Shabbat dinners amid the pandemic: An ancient Jewish tradition goes virtual

Naomi Less, a member of Lab/Shul's ritual team, has been helping lead the organization's online Shabbat services since it's become impossible to meet in person.

(CNN)For decades, Teme Ring was cut off from her Jewish faith.

The former lawyer was forced to give up her career in 2000, after an onslaught of autoimmune diseases and dysautonomia, conditions that also made her too weak to step into a synagogue for in-person services.
"I'm in my own personal diaspora," she said.
    In recent years, Ring had hoped to reconnect with faith through a synagogue in downtown Chicago. "I realized I really missed it," she said. "But it seemed ridiculous to belong and never show up." She only dragged herself to synagogue once, and her symptoms were such that she was physically present but spiritually absent.
      Now, however, during the pandemic, with many Jewish congregations taking services online for the first time, Ring's faith has undergone its long overdue blossoming.
        Empowered by technology, she can now regularly attend Shabbat and classes at two different synagogues in Chicago, and at a third in Southern California, where her parents live.
        "I've gone from no Jewish contact for 20 years to now being a member of three congregations," she said. "I don't feel isolated anymore."

          A weekly holiday finds a new virtual home

          Ring's experience reflects a growing trend in Judaism, as several branches of the faith, long resistant to technology, find ways to adapt during the pandemic.
          A traditional way to gather with fellow Jews is through weekly dinners over Zoom, which mark Shabbat (Hebrew for the Sabbath). The holiday begins each Friday at sunset and ends at sundown the following day.
          One group that has embraced the virtual possibilities for faith is Lab/Shul, which describes itself as an "everybody-friendly, artist-driven, God-optional, pop up community for sacred Jewish gatherings in New York City."
          Prior to the coronavirus pandemic, Lab/Shul had regularly organized robust in-person community dinners. But since March, the group has moved its weekly gatherings online, in a format called ShaBasics, stripped down to the fundamentals of bread, wine, candles and a blessing.
          "What the Sabbath is about is an invitation to tap into the sacred specialness of life," Rabbi Amichai Lau-Lavie, who leads Lab/Shul, said. "It helps us transcend the anxiety of the every day."
          The irony of gathering online for the Sabbath is that the weekly holiday is often seen as a time to unplug from screens, not reattach ourselves to them.
          But as much of the world moves work, school or social events onto virtual meetups, merging the sacred with the virtual is the only way we can make it through this global crisis.
          "The Sabbath is the weekly opportunity to breathe whether you believe in God or not," Lau-Lavie said.

          Shabbat is an ancient ritual

          It's a tradition nearly as old as time itself.
          Shabbat celebrates the seventh day of creation in the Book of Genesis, a holy day of rest and reflection after the labors of the week.
          During the tedium of quarantine, Shabbat assumes a kind of "anti-blursday" quality, Lau-Lavie said. "It's one of the ways to make days distinguishable from each other."
          Dressing up, putting a tablecloth on the table, seeing your friends and reflecting on your larger values help the day be more than just a regular day.
          "Shabbat is fun.

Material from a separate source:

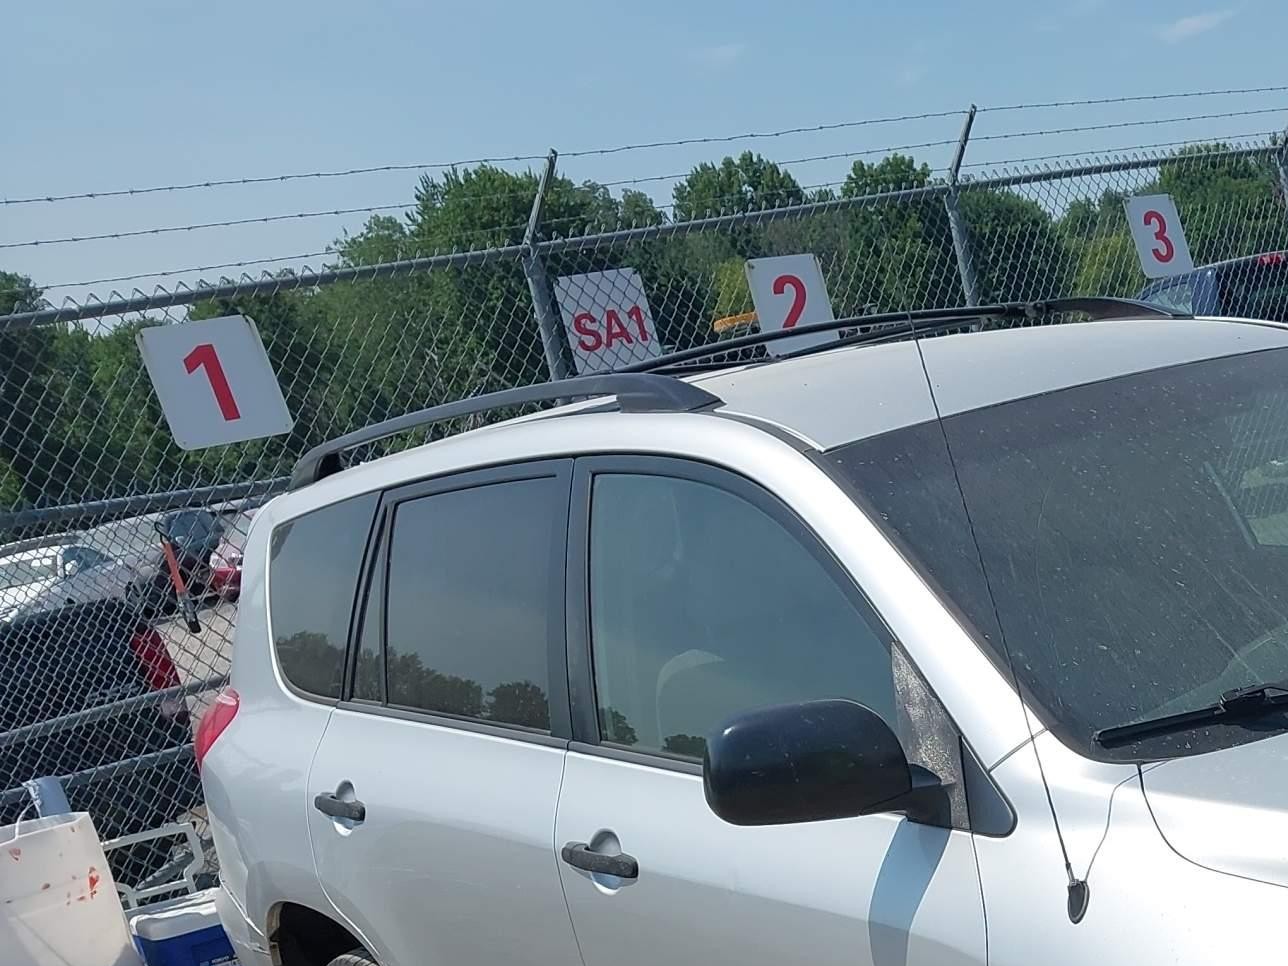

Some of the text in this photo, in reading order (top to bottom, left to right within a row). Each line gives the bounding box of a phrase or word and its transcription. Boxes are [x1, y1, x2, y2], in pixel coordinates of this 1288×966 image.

It's this awesome holiday we get every week to rest, to pray and to sing," said Rabbi Sandra Lawson, associate chaplain for Jewish life and a Jewish educator at Hillel at Elon University in North Carolina.
          And perhaps, mostly importantly, it's a day dedicated to connection.
          "A lot of the things we do are centered on community," said Lawson, who has become a Jewish digital leader of sorts, viewing social media as a way to welcome others into the faith. "We're never designed to be alone and to pray alone."
          In order to perform certain rituals or prayers, Judaism calls for a gathering of at least 10 people to form a minyan, or quorum. But with physical gatherings of 10 people prohibited in many areas due to the coronavirus pandemic, serving communities virtually during quarantine presents a conundrum in how to uphold Jewish tradition while taking public health into consideration.
          Rabbi Amichai Lau-Lavie leads an online Seder service earlier this year.

          Thousands of years of tradition collide with a 21st-century pandemic

          Lau-Lavie, who was previously a member of the Conservative movement's Rabbinical Assembly, isn't a stranger to using technology to break new ground in the faith.
          Five years ago, when his father passed away, Lau-Lavie was away in Jerusalem, while his spiritual community was back in New York. Skirting tradition, he issued a call for others to engage with him in the mourner's prayer over Zoom.
          "I got a lot of flak from rabbis," he said. But perspectives like his are now becoming accepted within his strand of Judaism, thanks to an extra nudge from this year's pandemic.
          Like other monotheistic religions, Judaism has many movements, including the strictly ultra-Orthodox, Conservative, Reform and Reconstructionist wings, all of which are grappling with limits set by the pandemic.